Aim of the task – Lines from the one containing "this 1000×1334 image." through the last line of the data are to be returned exactly, both ends included, minus any pictures.

+++ Data for the task +++

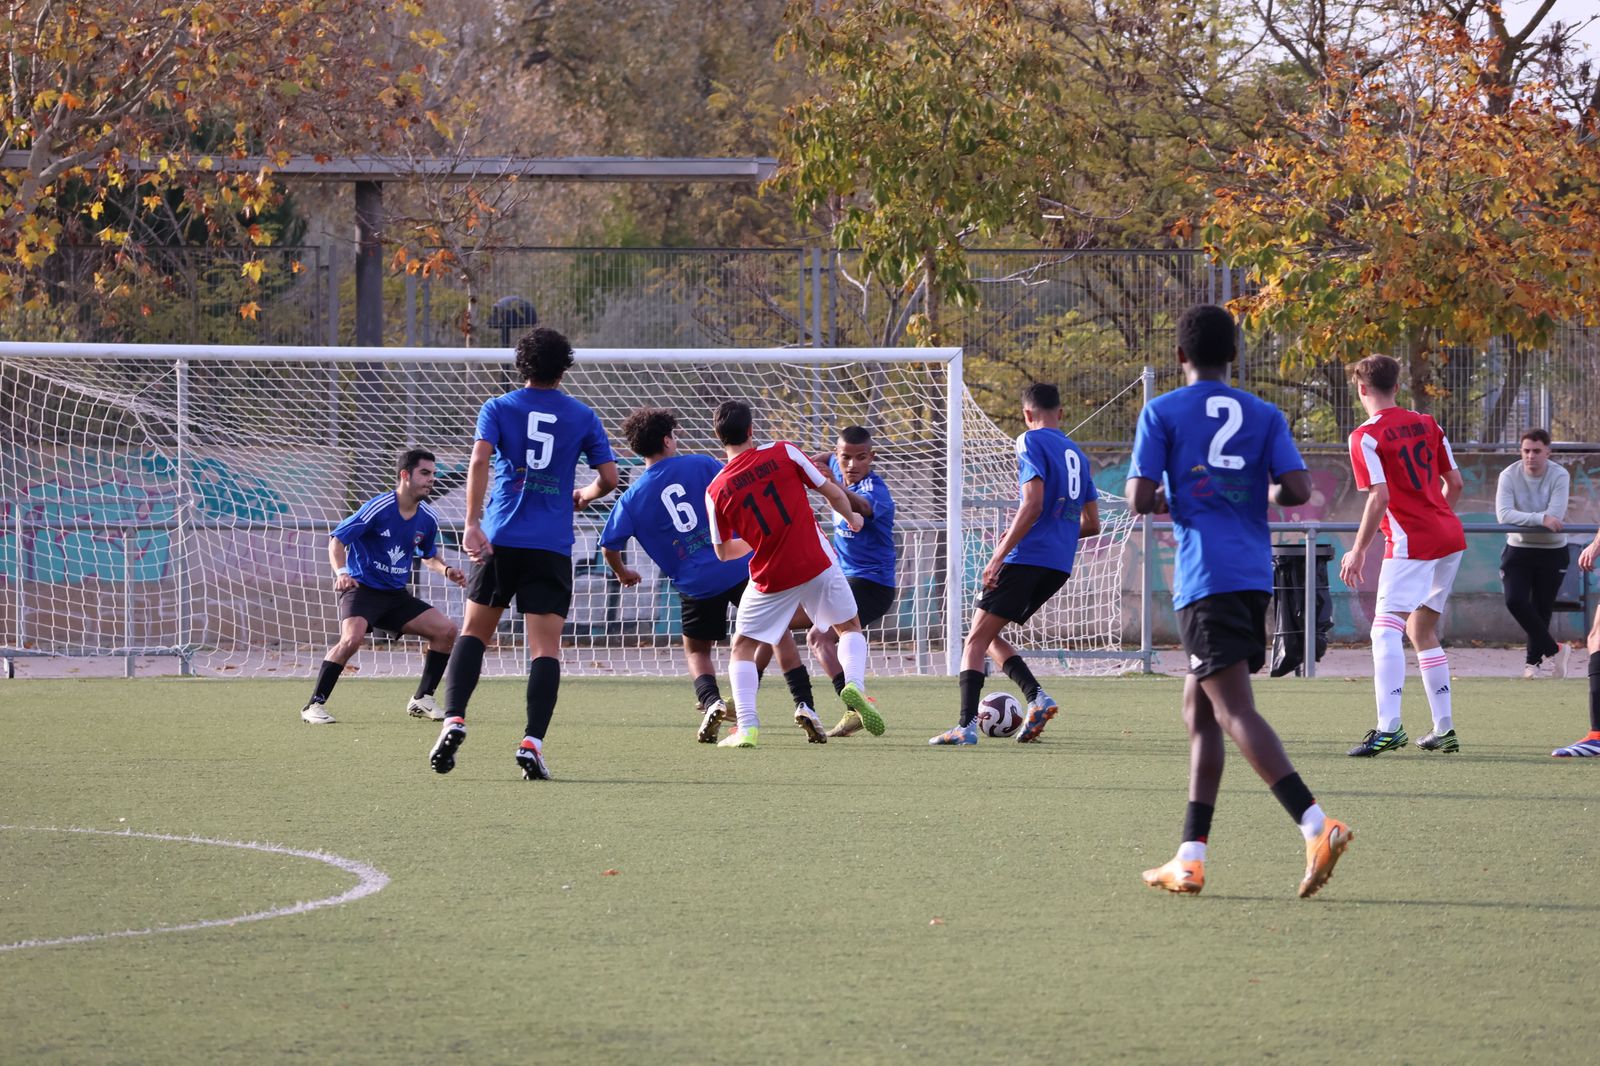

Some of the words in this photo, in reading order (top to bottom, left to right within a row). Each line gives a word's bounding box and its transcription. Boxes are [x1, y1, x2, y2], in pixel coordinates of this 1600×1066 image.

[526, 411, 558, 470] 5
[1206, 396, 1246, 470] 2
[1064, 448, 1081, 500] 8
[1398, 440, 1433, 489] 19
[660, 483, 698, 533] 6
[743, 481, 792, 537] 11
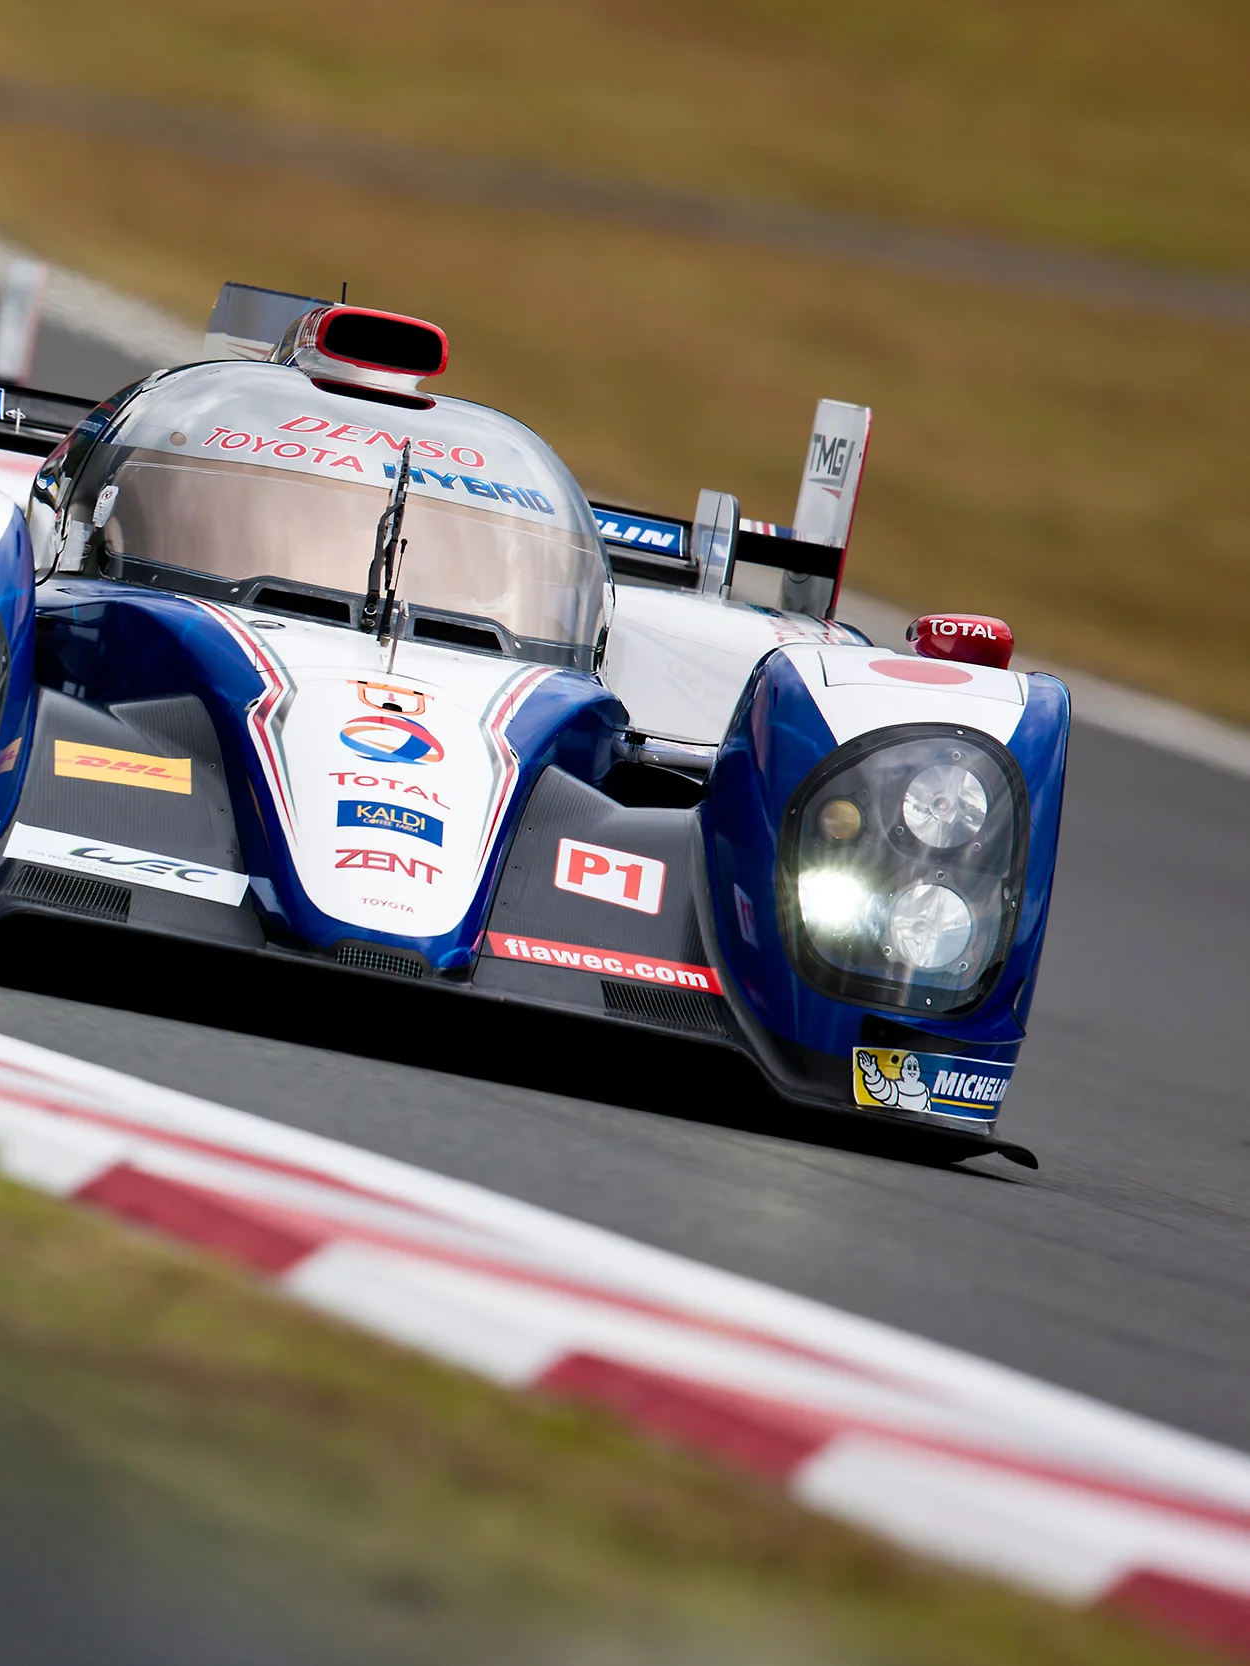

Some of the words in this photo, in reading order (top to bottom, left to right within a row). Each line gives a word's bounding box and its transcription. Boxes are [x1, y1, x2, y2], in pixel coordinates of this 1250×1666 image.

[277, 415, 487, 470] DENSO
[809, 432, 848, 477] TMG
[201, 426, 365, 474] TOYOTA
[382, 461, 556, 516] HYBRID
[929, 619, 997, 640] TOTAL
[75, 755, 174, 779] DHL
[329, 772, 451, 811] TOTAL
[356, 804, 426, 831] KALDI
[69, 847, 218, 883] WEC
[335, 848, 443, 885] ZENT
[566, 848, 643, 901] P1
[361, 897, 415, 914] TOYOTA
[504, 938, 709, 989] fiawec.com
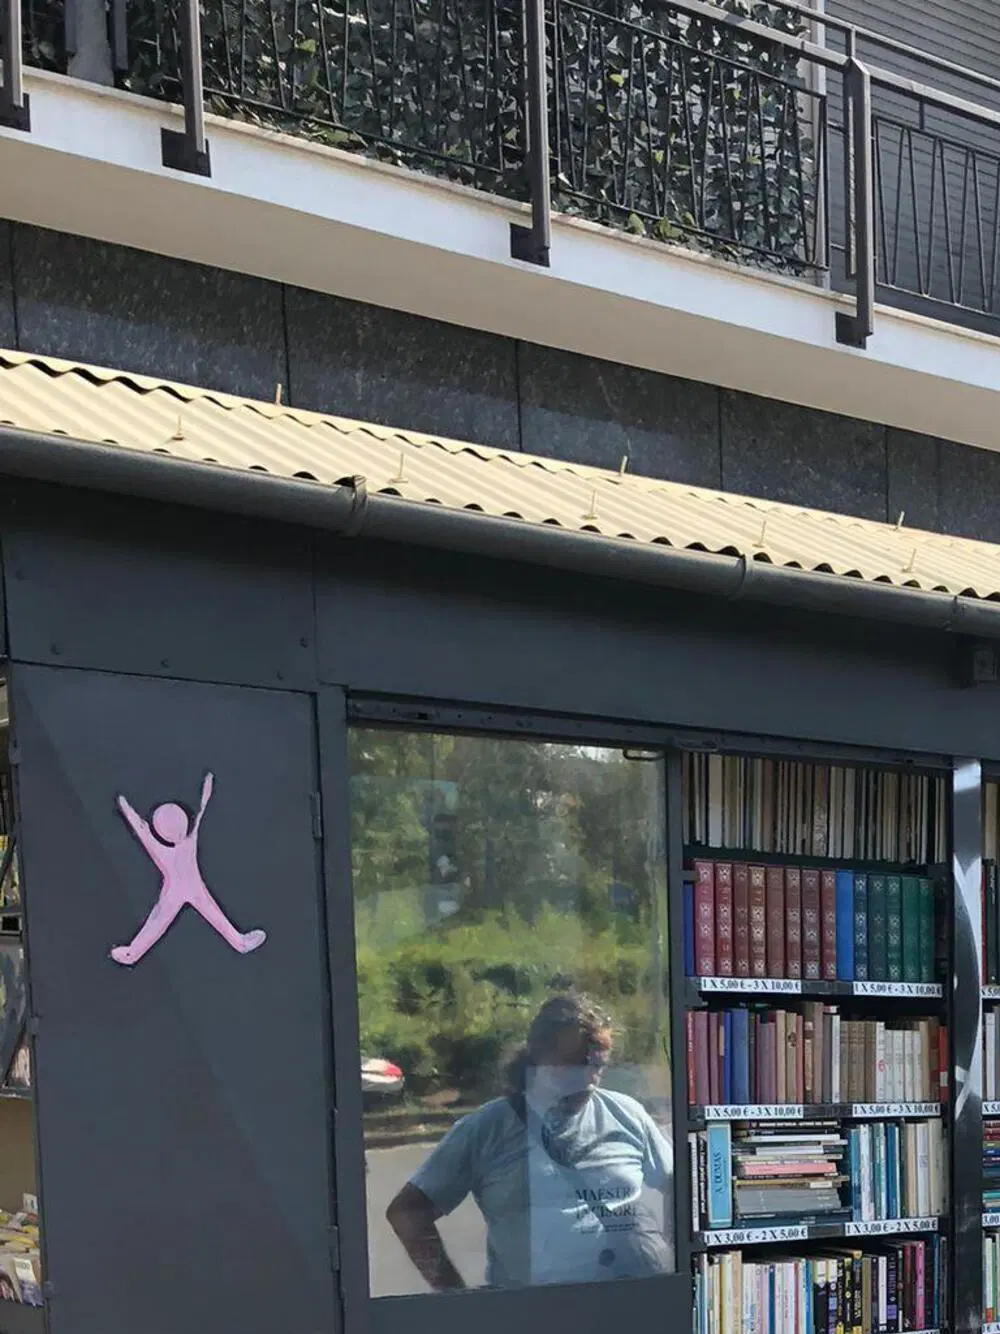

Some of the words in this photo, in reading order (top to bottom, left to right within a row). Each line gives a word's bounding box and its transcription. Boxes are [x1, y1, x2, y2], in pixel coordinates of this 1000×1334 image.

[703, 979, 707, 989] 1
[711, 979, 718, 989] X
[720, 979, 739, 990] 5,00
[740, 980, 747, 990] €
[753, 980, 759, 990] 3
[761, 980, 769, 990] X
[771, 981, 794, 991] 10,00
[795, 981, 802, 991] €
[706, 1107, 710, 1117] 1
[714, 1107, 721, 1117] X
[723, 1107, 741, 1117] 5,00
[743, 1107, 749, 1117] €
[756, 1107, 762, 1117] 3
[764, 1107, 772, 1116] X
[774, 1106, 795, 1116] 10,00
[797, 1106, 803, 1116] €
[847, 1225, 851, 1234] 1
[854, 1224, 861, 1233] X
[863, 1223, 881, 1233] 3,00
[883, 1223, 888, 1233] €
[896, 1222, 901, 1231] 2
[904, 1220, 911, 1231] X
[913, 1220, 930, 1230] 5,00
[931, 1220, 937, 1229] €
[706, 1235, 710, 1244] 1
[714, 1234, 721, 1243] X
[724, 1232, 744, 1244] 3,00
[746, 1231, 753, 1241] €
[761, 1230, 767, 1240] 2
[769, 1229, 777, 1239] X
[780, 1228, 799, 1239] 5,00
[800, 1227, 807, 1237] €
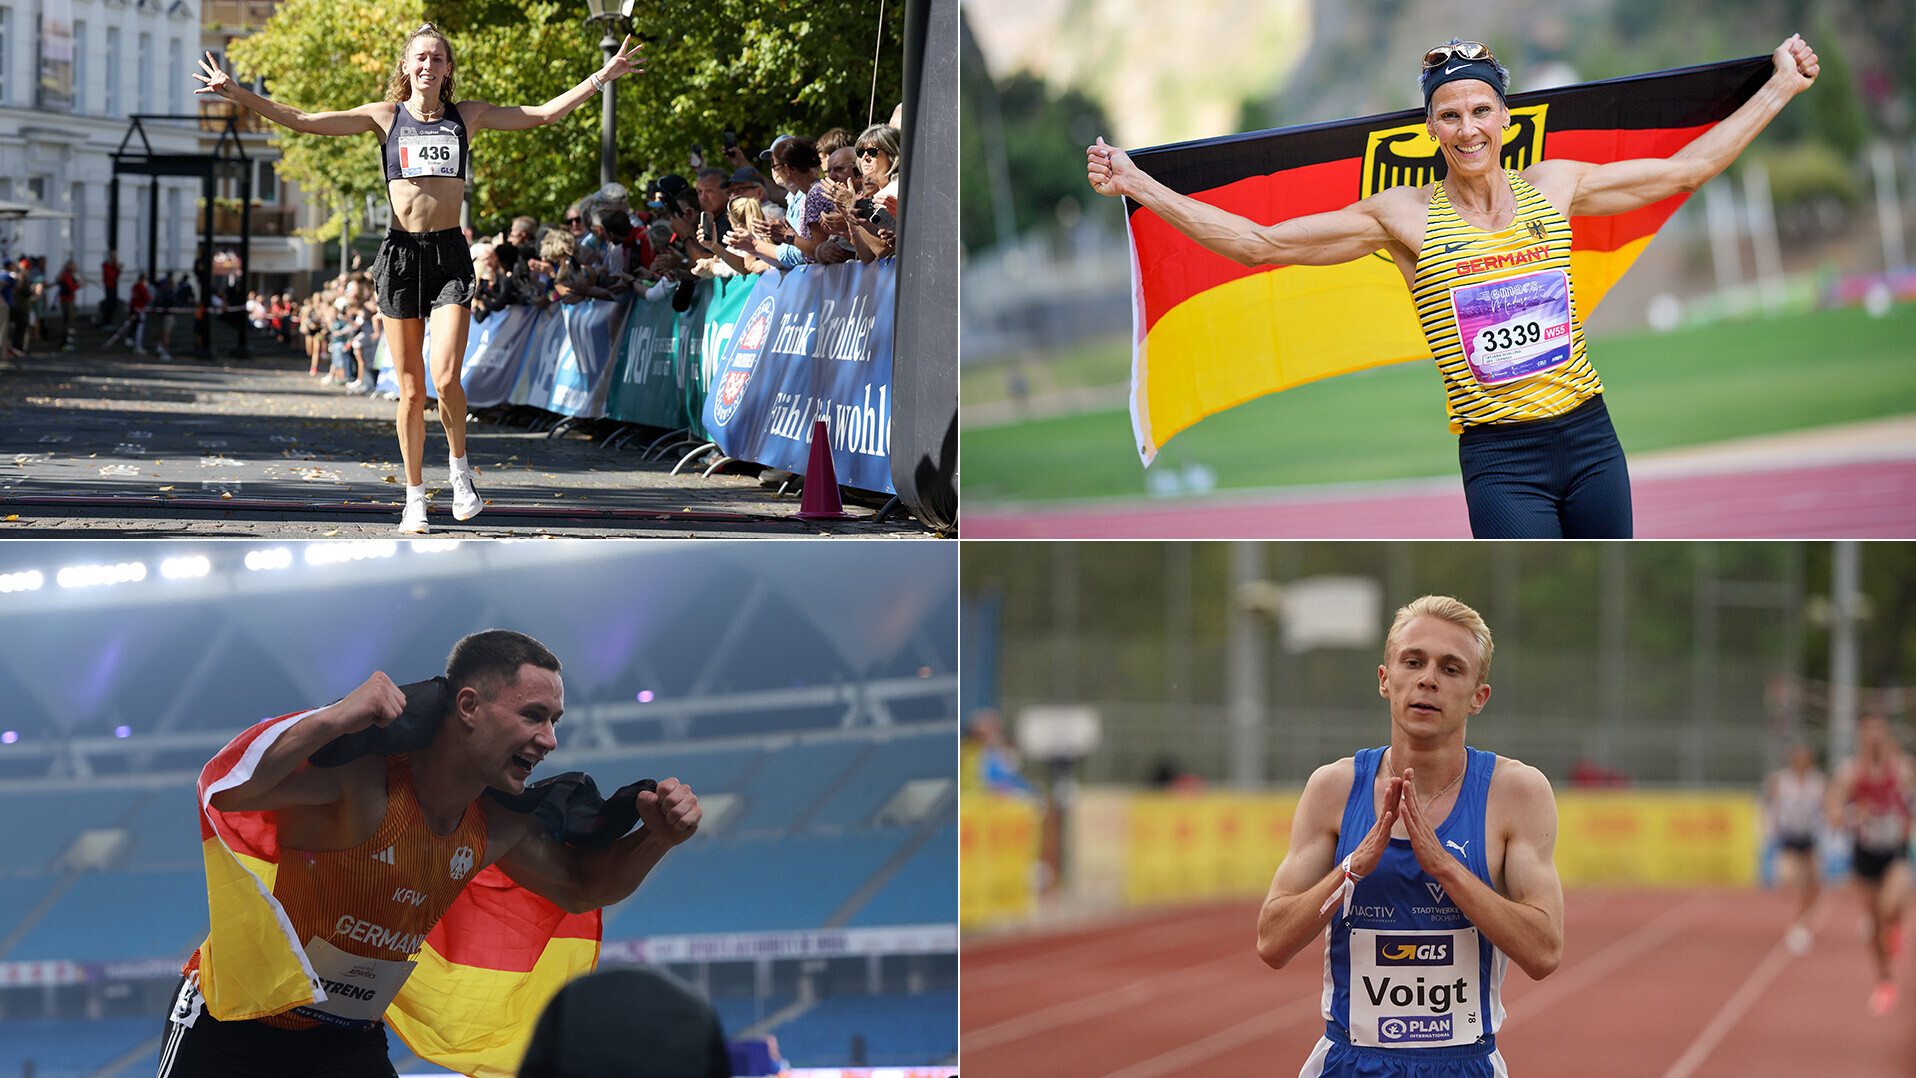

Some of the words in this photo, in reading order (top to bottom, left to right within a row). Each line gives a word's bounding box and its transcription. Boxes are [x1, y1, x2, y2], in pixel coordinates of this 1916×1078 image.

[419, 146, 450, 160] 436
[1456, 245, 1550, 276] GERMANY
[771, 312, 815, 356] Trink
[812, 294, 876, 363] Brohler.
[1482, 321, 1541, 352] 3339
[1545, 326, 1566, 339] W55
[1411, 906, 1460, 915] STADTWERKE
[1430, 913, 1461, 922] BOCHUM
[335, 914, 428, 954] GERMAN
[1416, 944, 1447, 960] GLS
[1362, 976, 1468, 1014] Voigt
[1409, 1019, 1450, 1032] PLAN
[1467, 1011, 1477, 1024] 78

+++

Reply to the task –
Some of the words in this photo, in reading order (top to bottom, left to right within a row). Each line gives a word's bounding box and its transcription. Boxes are [x1, y1, x2, y2], in pixel coordinates of this 1000×1334 image.

[703, 979, 707, 989] 1
[711, 979, 718, 989] X
[720, 979, 739, 990] 5,00
[740, 980, 747, 990] €
[753, 980, 759, 990] 3
[761, 980, 769, 990] X
[771, 981, 794, 991] 10,00
[795, 981, 802, 991] €
[706, 1107, 710, 1117] 1
[714, 1107, 721, 1117] X
[723, 1107, 741, 1117] 5,00
[743, 1107, 749, 1117] €
[756, 1107, 762, 1117] 3
[764, 1107, 772, 1116] X
[774, 1106, 795, 1116] 10,00
[797, 1106, 803, 1116] €
[847, 1225, 851, 1234] 1
[854, 1224, 861, 1233] X
[863, 1223, 881, 1233] 3,00
[883, 1223, 888, 1233] €
[896, 1222, 901, 1231] 2
[904, 1220, 911, 1231] X
[913, 1220, 930, 1230] 5,00
[931, 1220, 937, 1229] €
[706, 1235, 710, 1244] 1
[714, 1234, 721, 1243] X
[724, 1232, 744, 1244] 3,00
[746, 1231, 753, 1241] €
[761, 1230, 767, 1240] 2
[769, 1229, 777, 1239] X
[780, 1228, 799, 1239] 5,00
[800, 1227, 807, 1237] €

Some of the words in this photo, in reading order (top to bottom, left to right within a row). Each line gives a word's bounding box and its transcription. Boxes are [x1, y1, x2, y2], in pixel coordinates of this 1916×1078 image.

[419, 146, 450, 160] 436
[1456, 245, 1550, 276] GERMANY
[771, 312, 815, 356] Trink
[812, 294, 876, 363] Brohler.
[1482, 321, 1541, 352] 3339
[1545, 326, 1566, 339] W55
[1411, 906, 1460, 915] STADTWERKE
[1430, 913, 1461, 922] BOCHUM
[335, 914, 428, 954] GERMAN
[1416, 944, 1447, 960] GLS
[1362, 976, 1468, 1014] Voigt
[1409, 1019, 1450, 1032] PLAN
[1467, 1011, 1477, 1024] 78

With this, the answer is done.